Dia Internacional das Pessoas com Deficiência: a engenharia de mãos dadas com a acessibilidade
Quando o tema acessibilidade entra na mesa, toda a engenharia melhora3 de dezembro de 2025, às 10h30 - Tempo de leitura aproximado: 3 minutos
Com o objetivo de estimular a conscientização para a construção de uma sociedade mais inclusiva, o Dia Internacional da Pessoa com Deficiência, comemorado no dia 3 de dezembro, foi criado pela Assembleia Geral das Nações Unidas em 1992. O principal intuito é conscientizar a população sobre a importância de assegurar uma melhor qualidade de vida às pessoas com deficiência em todo o mundo e, com isso, promover mais inclusão e acessibilidade. Além disso, a data contribui para garantir a melhoria e a qualidade de vida dessas pessoas por meio de políticas que atendam às suas necessidades específicas.

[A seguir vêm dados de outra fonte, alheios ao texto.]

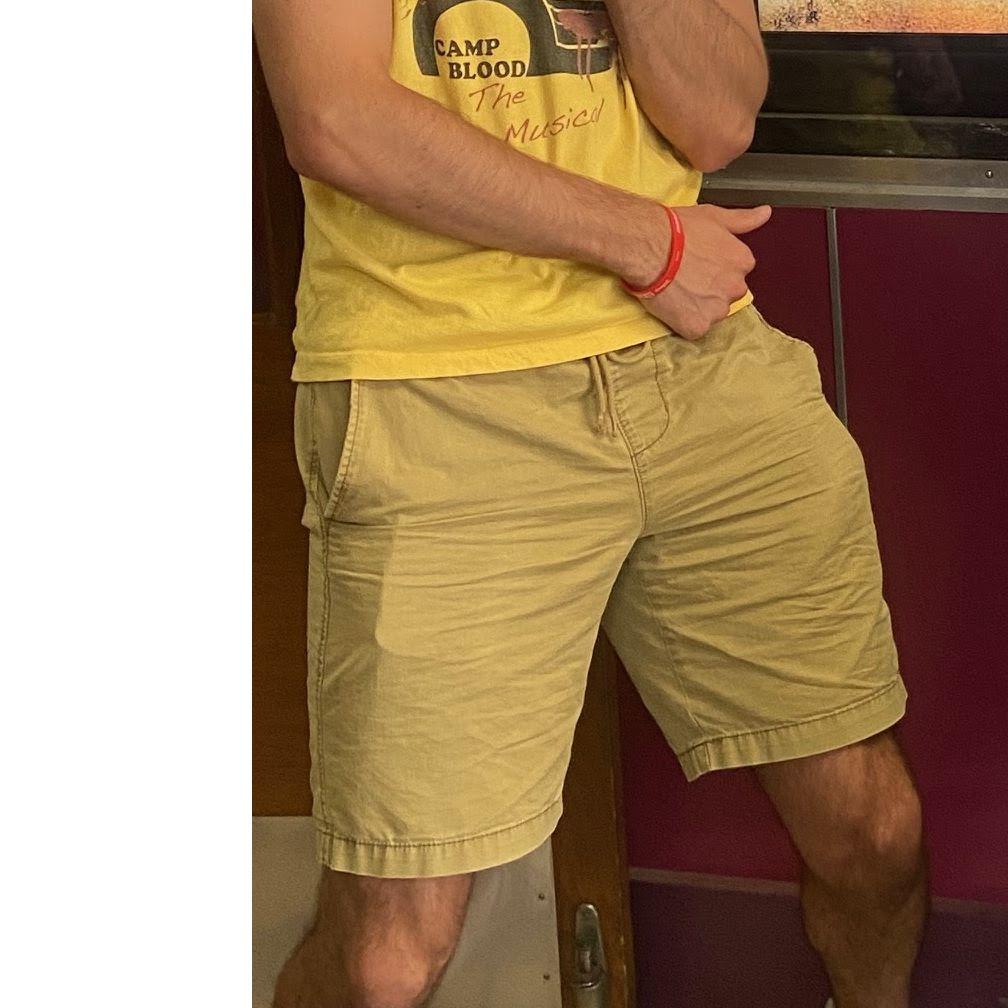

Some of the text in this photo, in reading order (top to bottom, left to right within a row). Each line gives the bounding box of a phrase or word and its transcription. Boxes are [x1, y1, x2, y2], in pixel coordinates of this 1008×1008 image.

[434, 38, 500, 57] CAMP
[448, 60, 526, 80] BLOOD
[469, 83, 526, 112] The
[504, 98, 605, 143] Musical
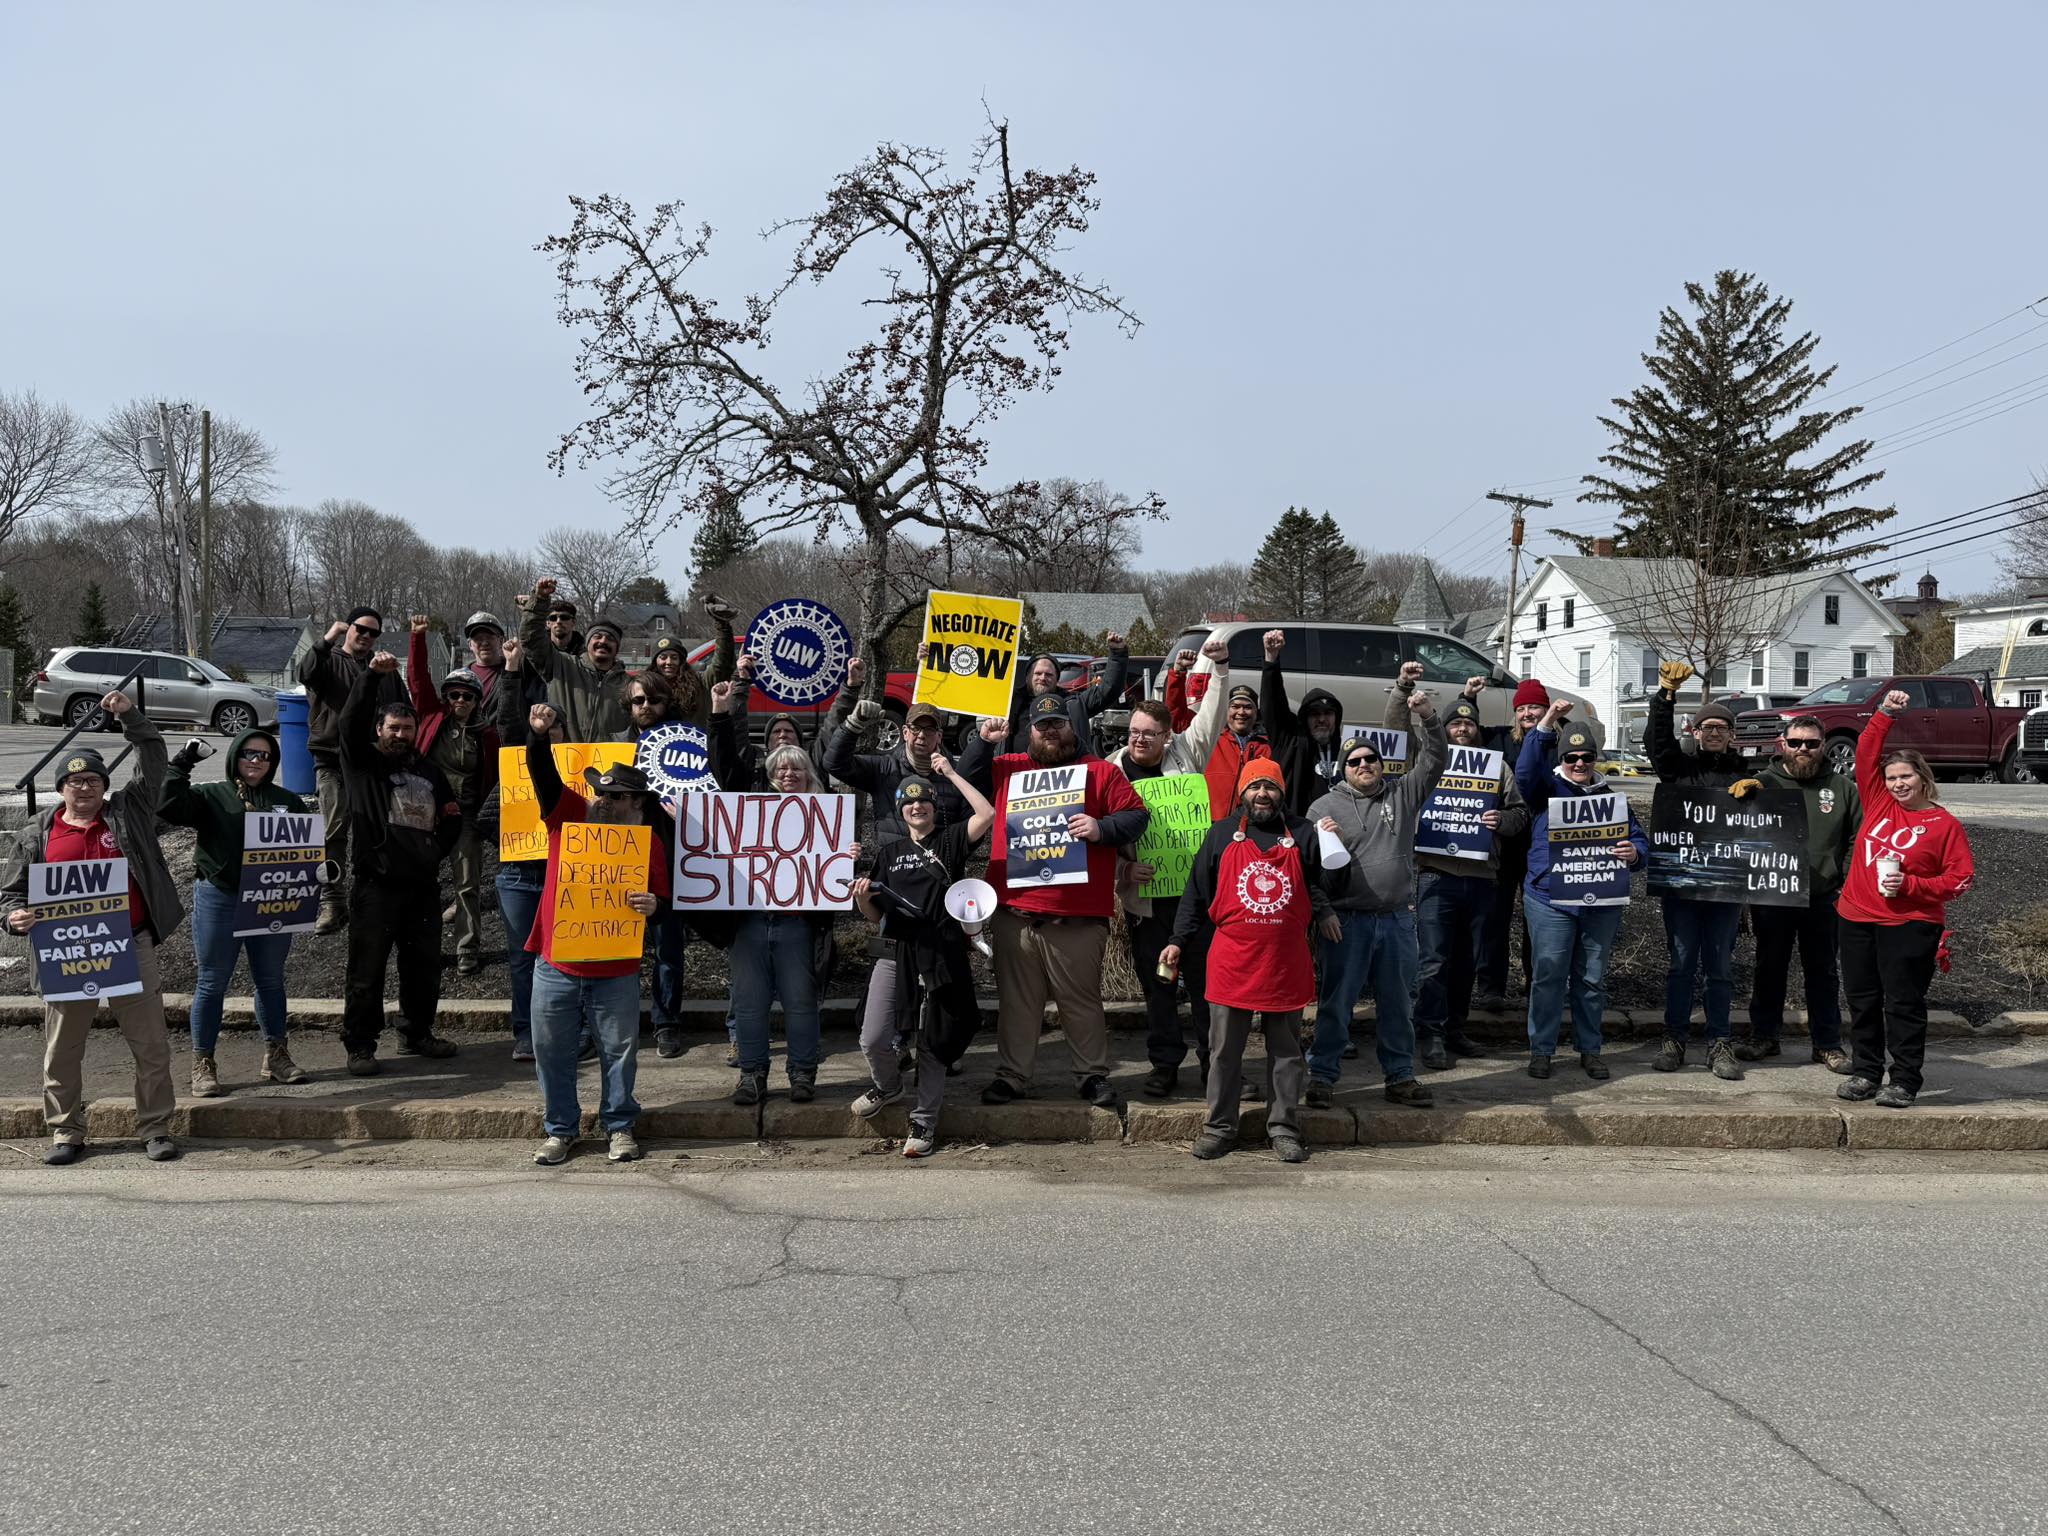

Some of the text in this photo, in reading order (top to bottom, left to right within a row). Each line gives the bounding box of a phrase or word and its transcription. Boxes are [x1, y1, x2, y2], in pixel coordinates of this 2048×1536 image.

O Conselheiro do Crea-TO, Eng. Civ. Pedro Henrique Portes, em um bate-papo esclarecedor, aborda como a engenharia atua para criar espaços inclusivos, garantindo o bem-estar e a implementação de novos projetos que atendam às normas de acessibilidade.

Como a engenharia pode contribuir para a acessibilidade?
A engenharia contribui para a acessibilidade quando entende que projetar não é apenas construir estruturas, mas criar ambientes que funcionem para todas as pessoas. Eu vejo a engenharia como uma ferramenta para eliminar barreiras físicas e sensoriais: dimensionar corretamente rampas, escadas, pisos táteis, sinalizações, sistemas de transporte, drenagem, iluminação e toda a infraestrutura urbana. Quando um projeto nasce acessível, ele naturalmente se torna mais seguro, mais eficiente e mais humano.
Quais são as formas pelas quais a engenharia pode promover a inclusão?
Para mim, a inclusão acontece quando o engenheiro entende a diversidade real das pessoas que vão usar aquele espaço — idosos, crianças, pessoas com deficiência, gestantes, pessoas com mobilidade reduzida temporária, e por aí vai.
A engenharia promove inclusão quando:
– Planeja para todos desde o início, e não como um “acréscimo”.
– Escuta usuários e especialistas, como terapeutas ocupacionais, arquitetos e associações de PcDs.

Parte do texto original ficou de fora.